◆ WHAT THIS TASK INVOLVES ◆
Restate the data below word for word, and let no image into your version.

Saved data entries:
======

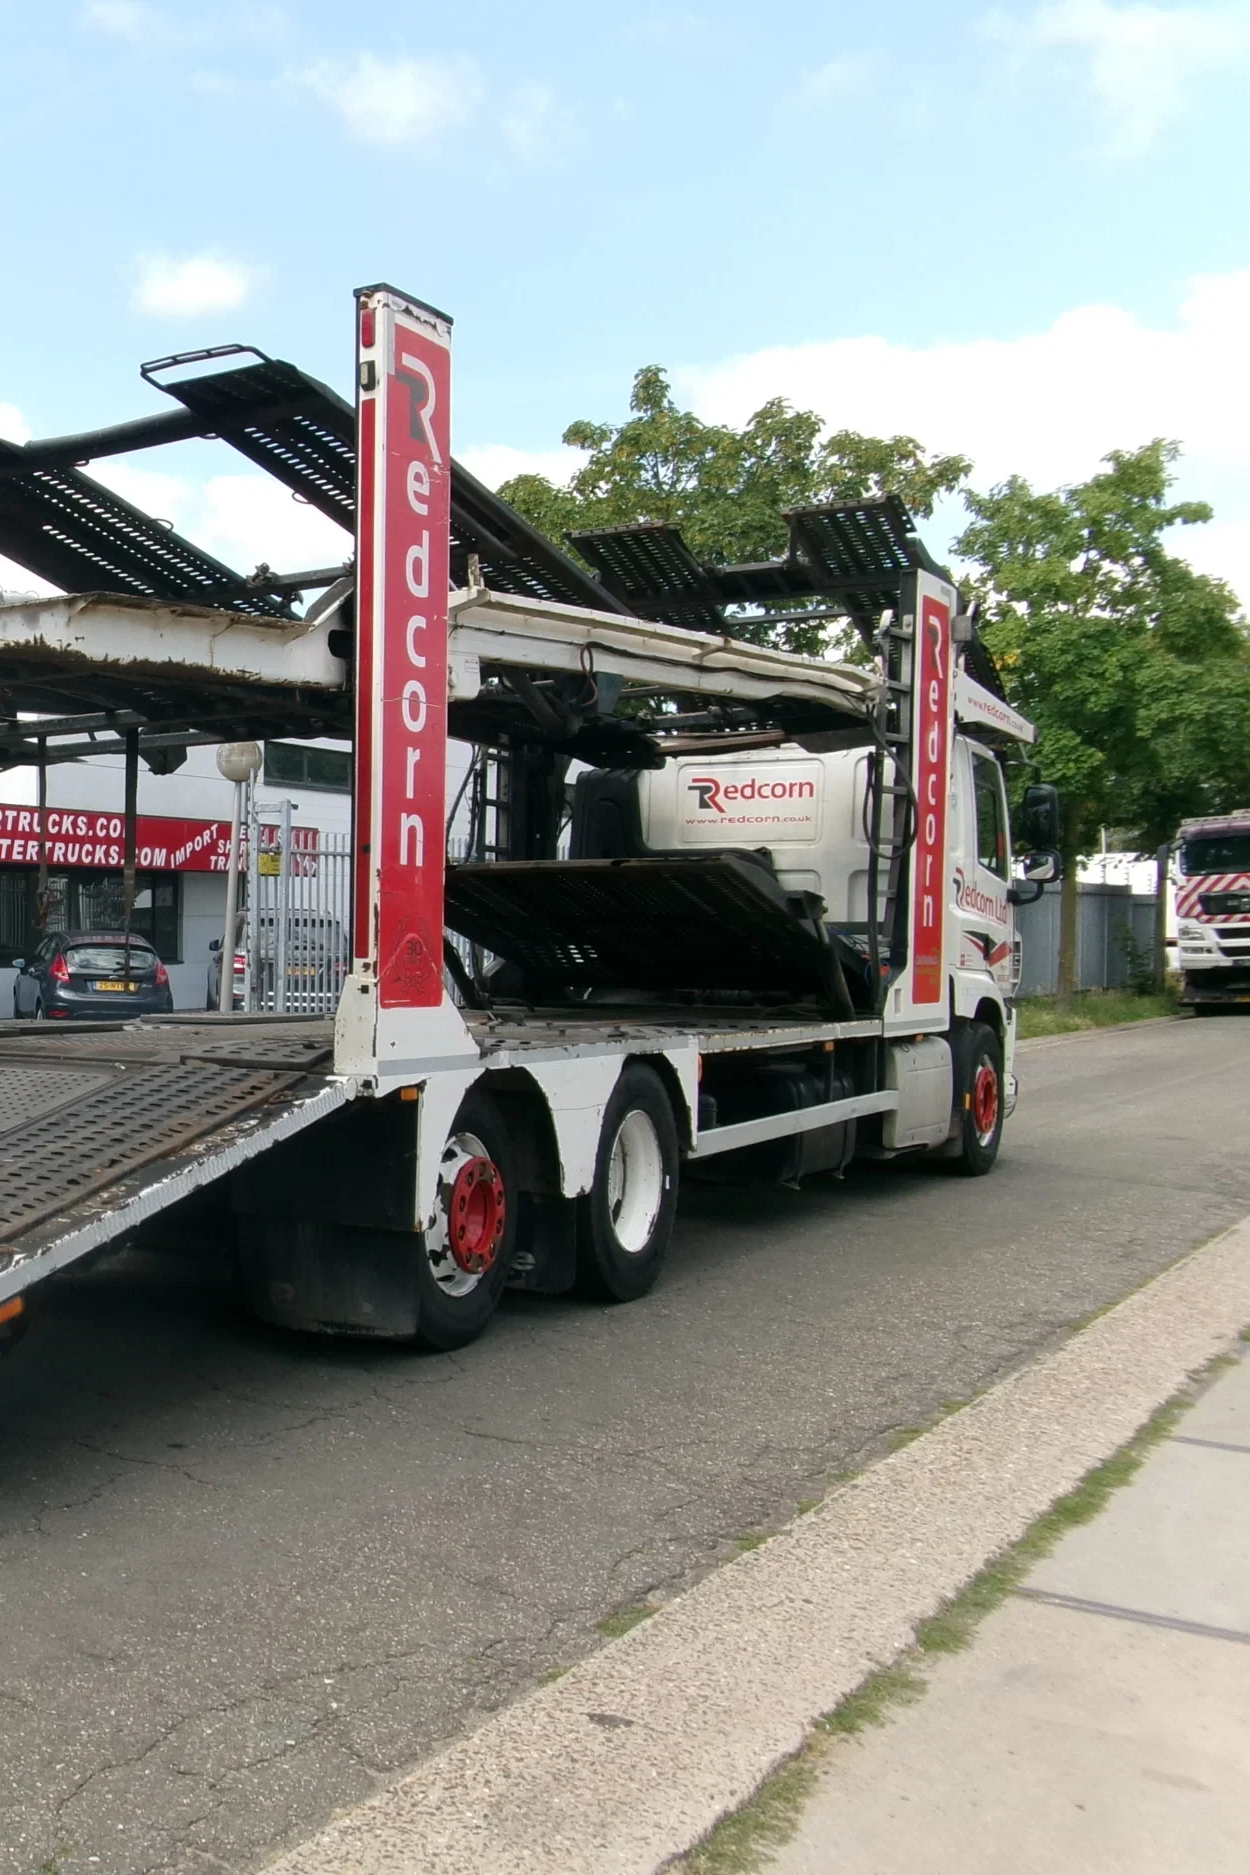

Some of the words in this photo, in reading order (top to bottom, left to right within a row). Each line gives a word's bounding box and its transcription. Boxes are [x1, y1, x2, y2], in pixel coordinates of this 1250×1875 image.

[396, 352, 442, 867] Redcorn
[923, 615, 943, 927] Redcorn
[685, 815, 812, 824] www.redcorn.co.uk
[688, 778, 814, 813] Redcorn
[170, 823, 218, 868] IMPORT
[953, 866, 994, 917] Redcorn

======

◆ RESPONSE TO THE TASK ◆
Some of the words in this photo, in reading order (top to bottom, left to right within a row). Each line gives a word's bounding box and its transcription. Boxes are [x1, y1, x2, y2], in pixel coordinates of this 1250×1875 image.

[396, 352, 442, 867] Redcorn
[923, 615, 943, 927] Redcorn
[685, 815, 812, 824] www.redcorn.co.uk
[688, 778, 814, 813] Redcorn
[170, 823, 218, 868] IMPORT
[953, 866, 994, 917] Redcorn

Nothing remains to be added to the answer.